START Data section

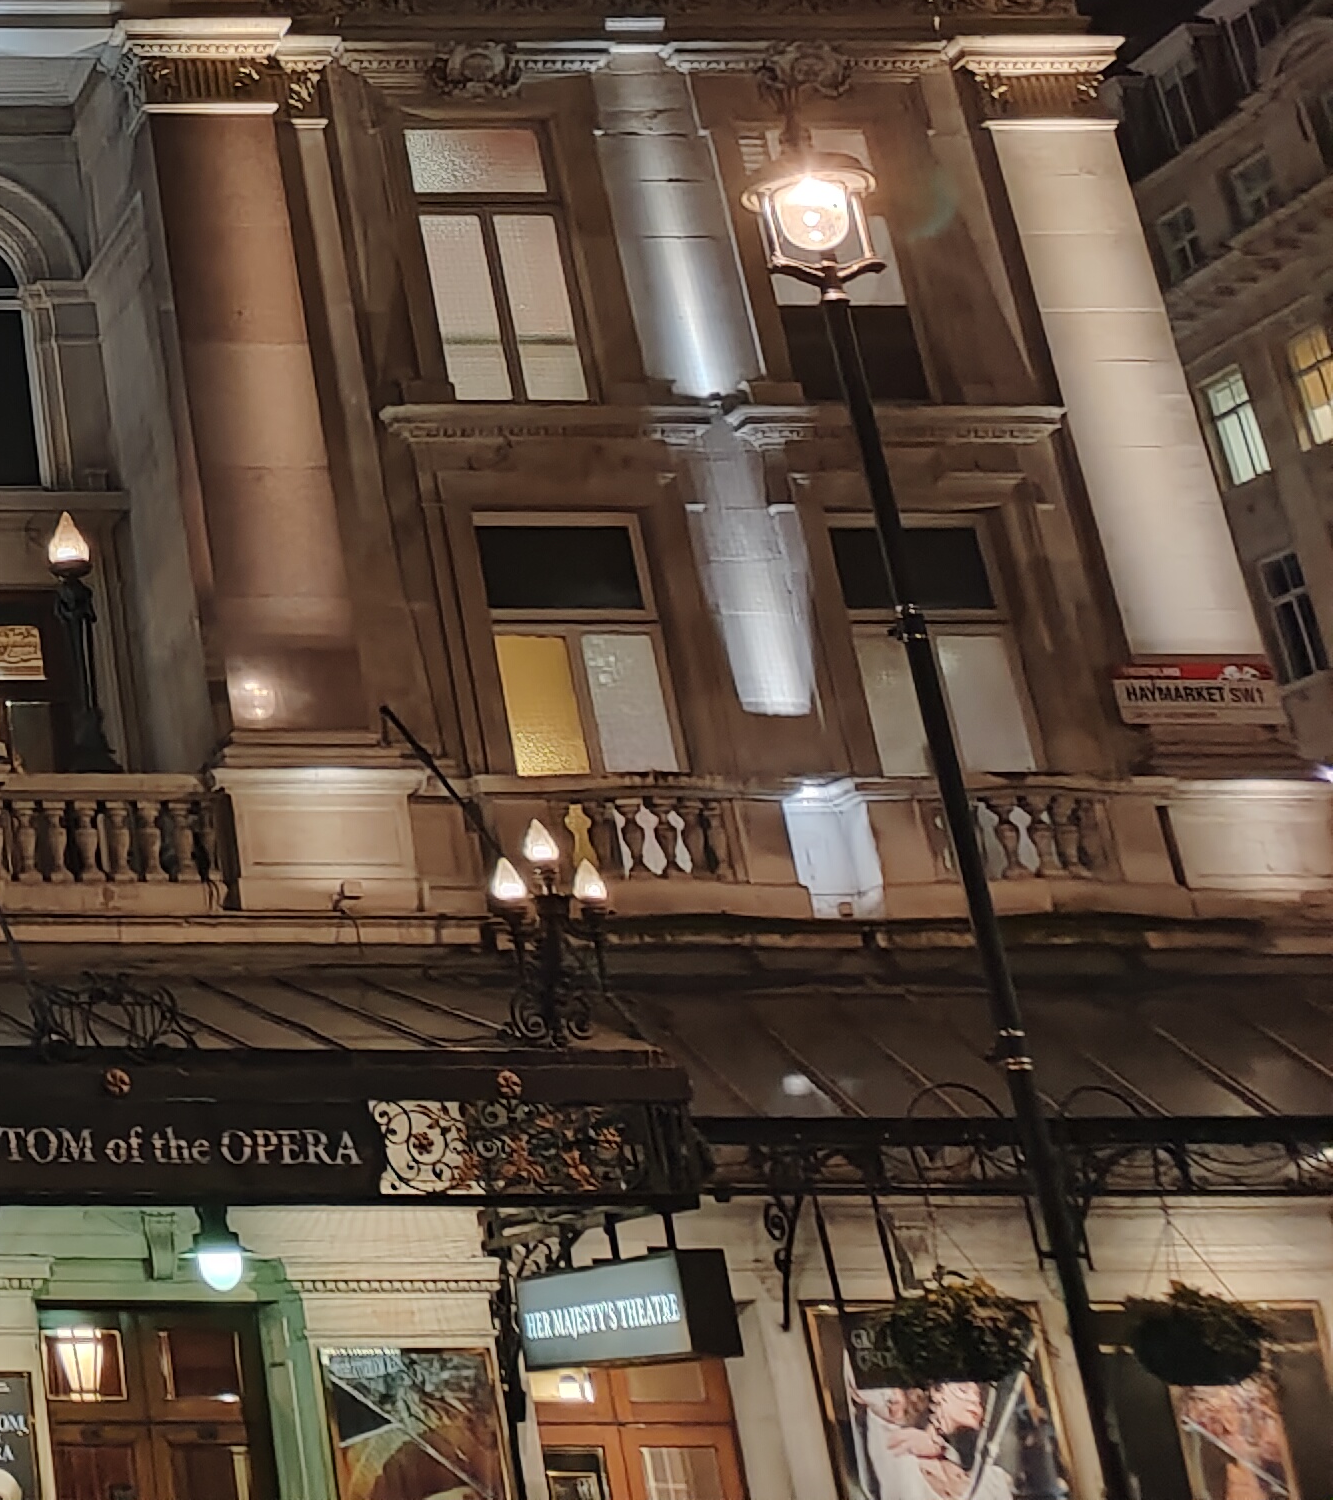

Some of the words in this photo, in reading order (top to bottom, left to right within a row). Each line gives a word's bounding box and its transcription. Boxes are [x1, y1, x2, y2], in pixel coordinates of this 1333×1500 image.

[1126, 684, 1225, 703] HAYMARKET
[1228, 687, 1264, 703] SW1
[105, 1126, 146, 1164] of
[151, 1126, 211, 1164] the
[220, 1129, 363, 1165] OPERA
[524, 1311, 553, 1340] HER
[550, 1301, 617, 1340] MAJESTY'S
[617, 1293, 680, 1328] THEATRE
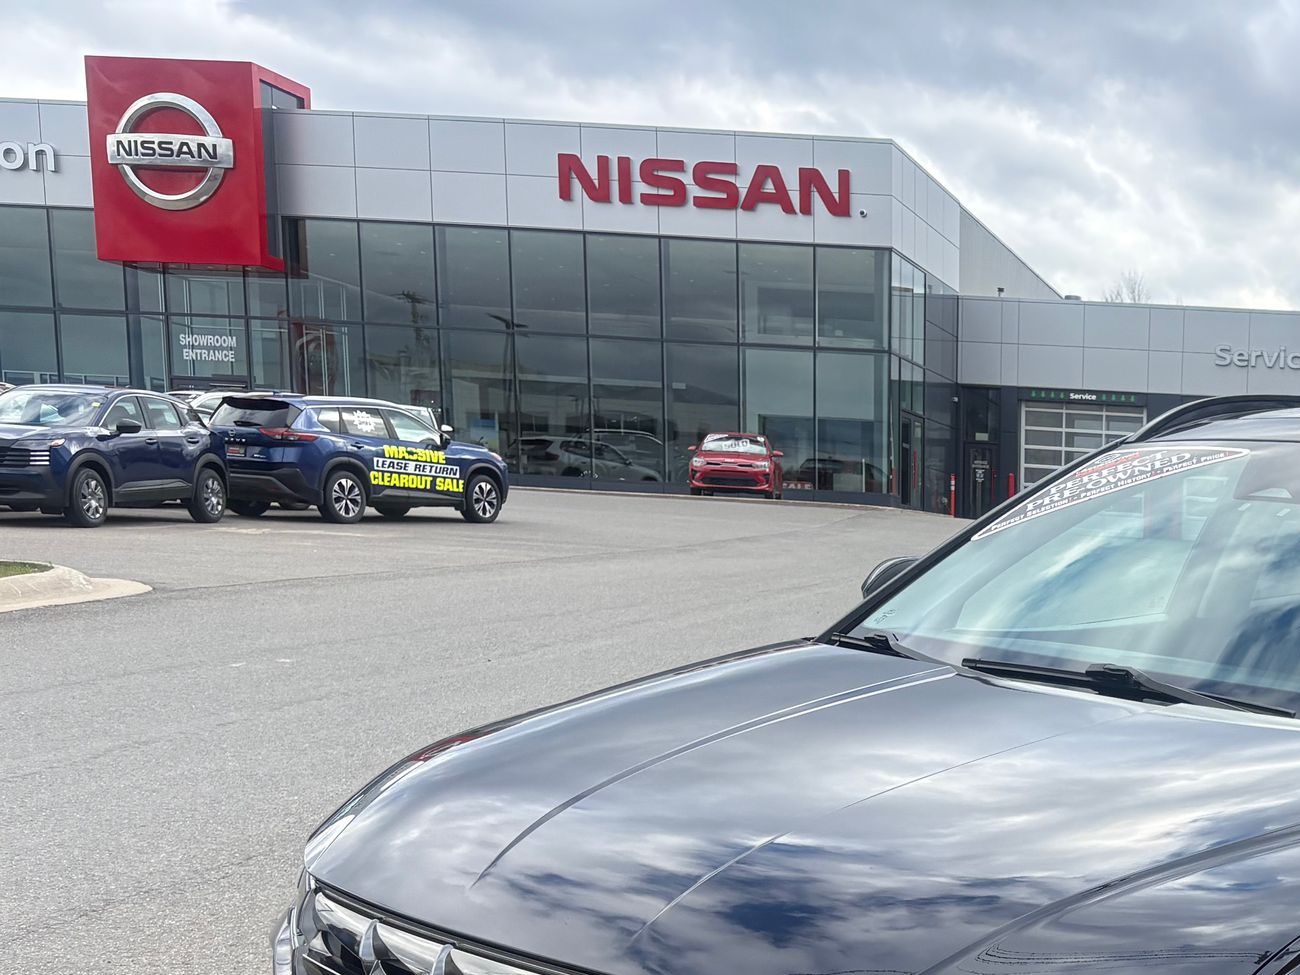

END Data section

# Problem description:
Please retype the listing exactly, leaving out any images.

# Result of this task:
Some of the words in this photo, in reading order (top to bottom, left to right within a row). Each line gives a word's bounding box and its transcription. Boxes are [x1, y1, x2, y2], in pixel coordinates of this 1333×1500 image.

[1126, 684, 1225, 703] HAYMARKET
[1228, 687, 1264, 703] SW1
[105, 1126, 146, 1164] of
[151, 1126, 211, 1164] the
[220, 1129, 363, 1165] OPERA
[524, 1311, 553, 1340] HER
[550, 1301, 617, 1340] MAJESTY'S
[617, 1293, 680, 1328] THEATRE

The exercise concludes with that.